*Material to process*
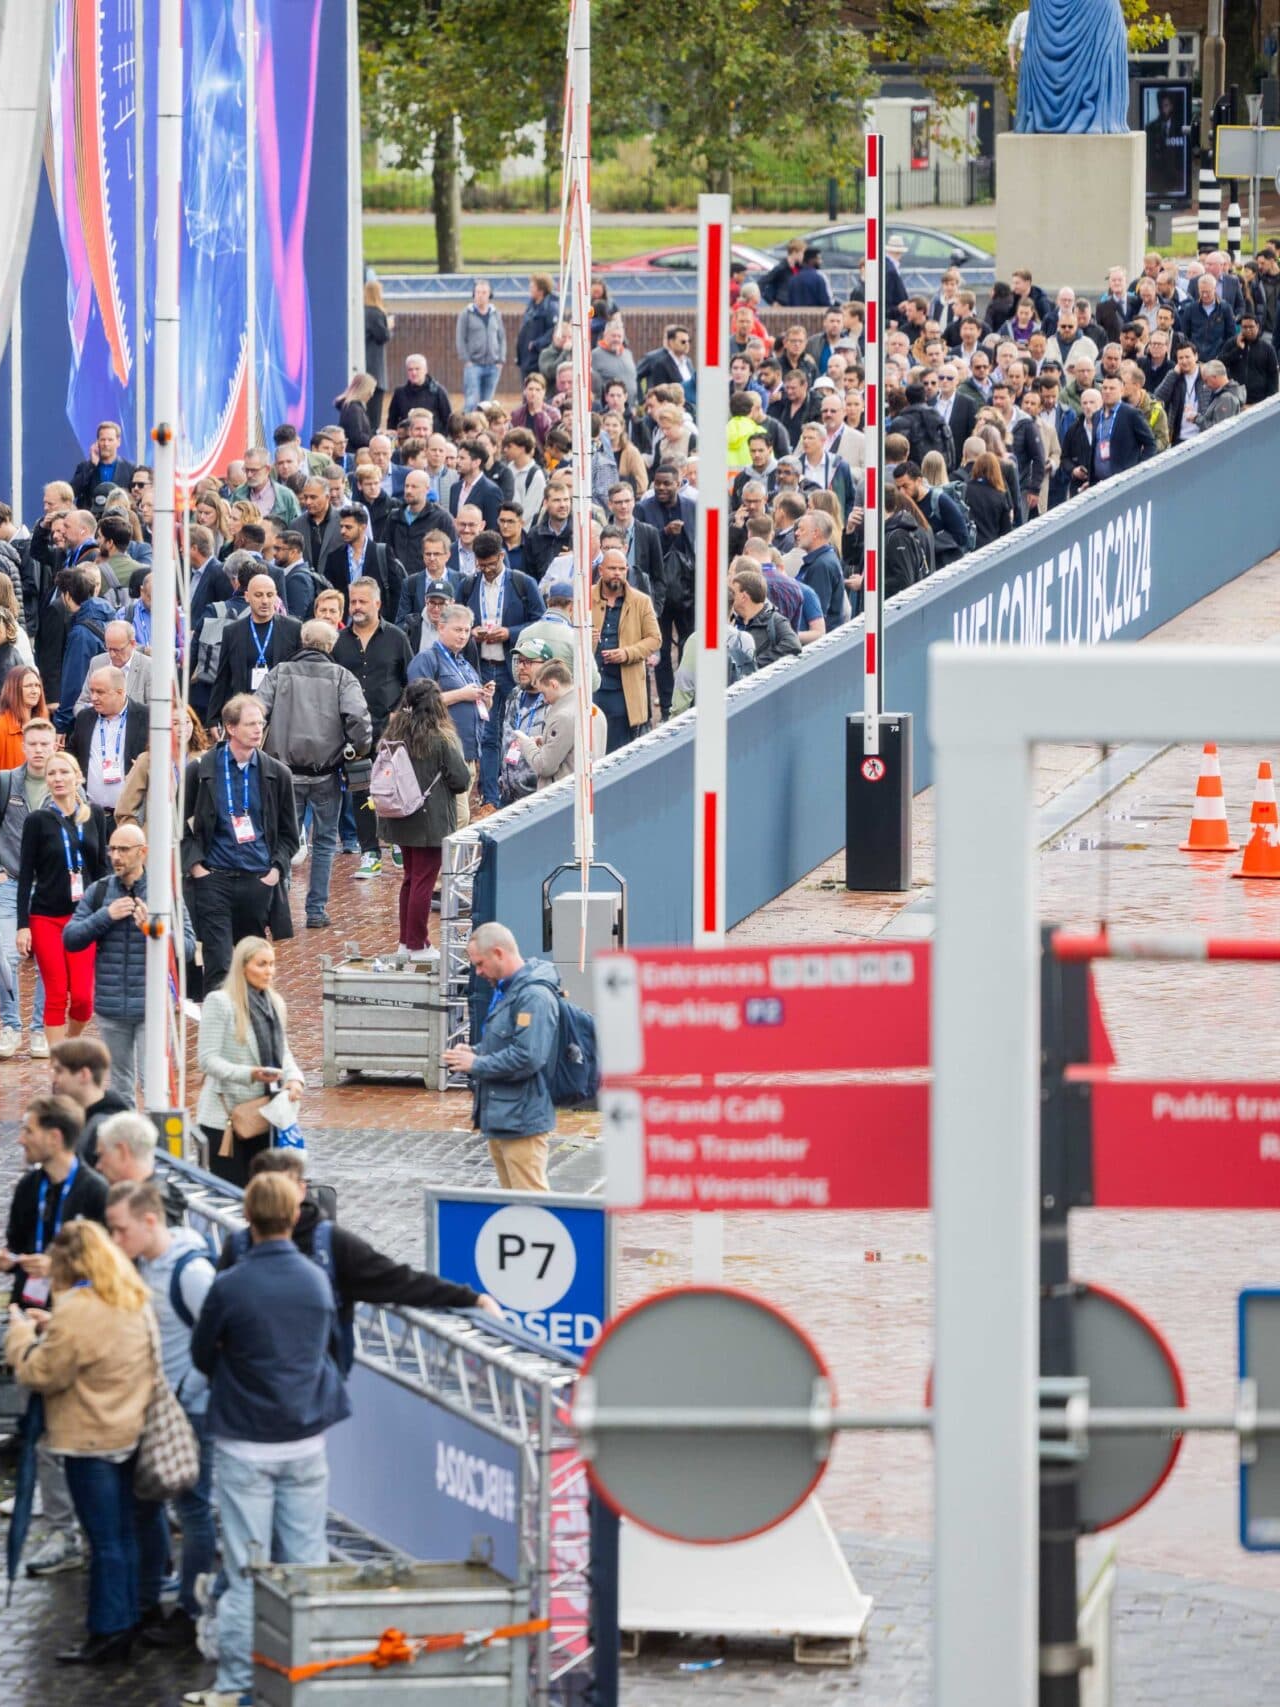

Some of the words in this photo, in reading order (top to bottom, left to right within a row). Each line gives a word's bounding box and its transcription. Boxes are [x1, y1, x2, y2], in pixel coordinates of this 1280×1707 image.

[642, 961, 765, 989] Entrances
[643, 998, 740, 1029] Parking
[647, 1096, 720, 1123] Grand
[724, 1094, 784, 1123] Café
[1152, 1091, 1232, 1121] Public
[648, 1135, 694, 1161] The
[699, 1134, 809, 1162] Traveller
[696, 1172, 830, 1205] Vereniging
[498, 1234, 555, 1279] P7

*Task item*
The whole listing, pictures excluded, should be output exactly.

*Answer box*
Some of the words in this photo, in reading order (top to bottom, left to right within a row). Each line gives a word's bounding box and its transcription. Boxes are [x1, y1, x2, y2], in pixel coordinates of this 1280×1707 image.

[642, 961, 765, 989] Entrances
[643, 998, 740, 1029] Parking
[647, 1096, 720, 1123] Grand
[724, 1094, 784, 1123] Café
[1152, 1091, 1232, 1121] Public
[648, 1135, 694, 1161] The
[699, 1134, 809, 1162] Traveller
[696, 1172, 830, 1205] Vereniging
[498, 1234, 555, 1279] P7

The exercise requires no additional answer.